Nulla sul suo cuore di così grave da vivere un senso di colpa nei MIEI confronti.
Ho seri problemi personali sul senso di colpa (mia madre me ne ha lasciato uno grande come una casa "con tutto quello che ha fatto per me"...).
Mi sono sentita amata, questo sì, ma non accettata, non gradita come figlia.
Ecco perché è una leva che cerco di non usare.
Ma se le altre leve non funzionano che si fa?
Alex ha un tasso di menefreghismo delle regole e dell'impegno scolastico secondo me altissimo.

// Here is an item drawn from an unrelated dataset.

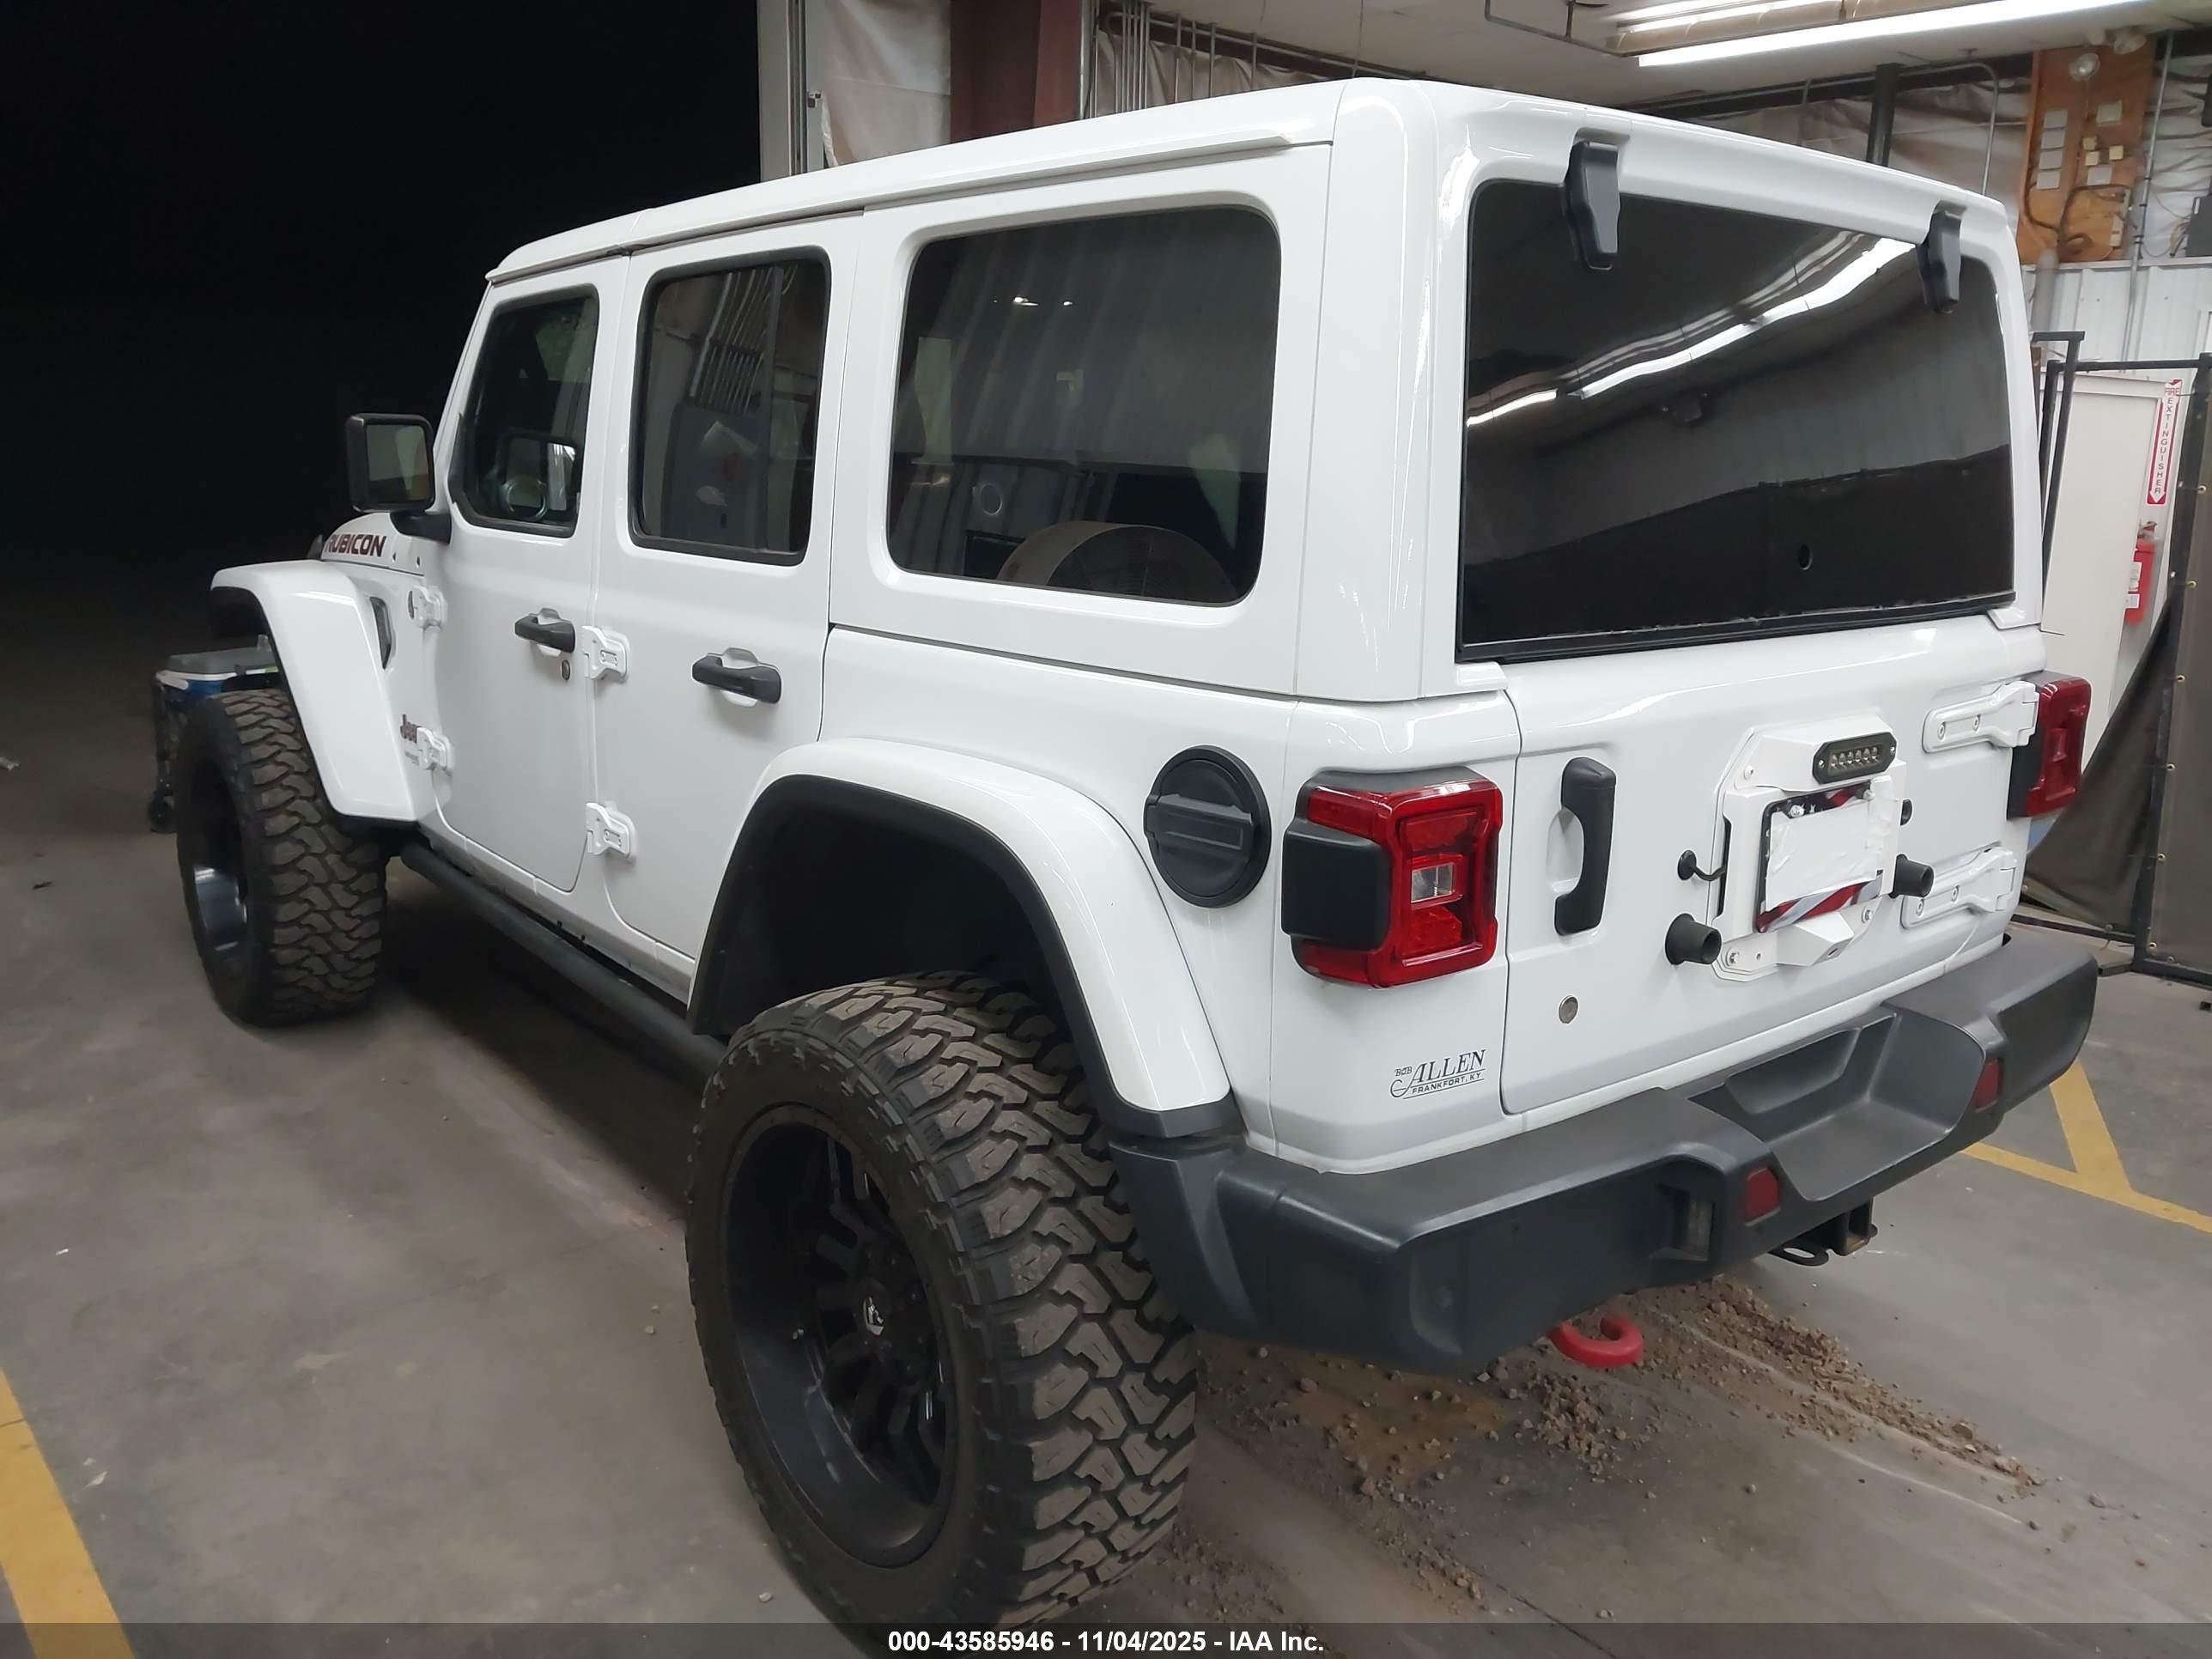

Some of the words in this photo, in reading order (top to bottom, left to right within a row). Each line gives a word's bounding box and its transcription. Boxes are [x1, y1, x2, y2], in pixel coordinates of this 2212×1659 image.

Come si fa a instillarlo DI PER SE', senza legame con il rapporto con il genitore?
(e secondo alcune di voi anche senza punizione, che invece io ho dato)
Mi sento proprio avvilita...
E siamo solo alla prima elementare.
Ora del ragazzino che esce con gli amici, non studia e si fa bocciare, io mi suicido ahahaha!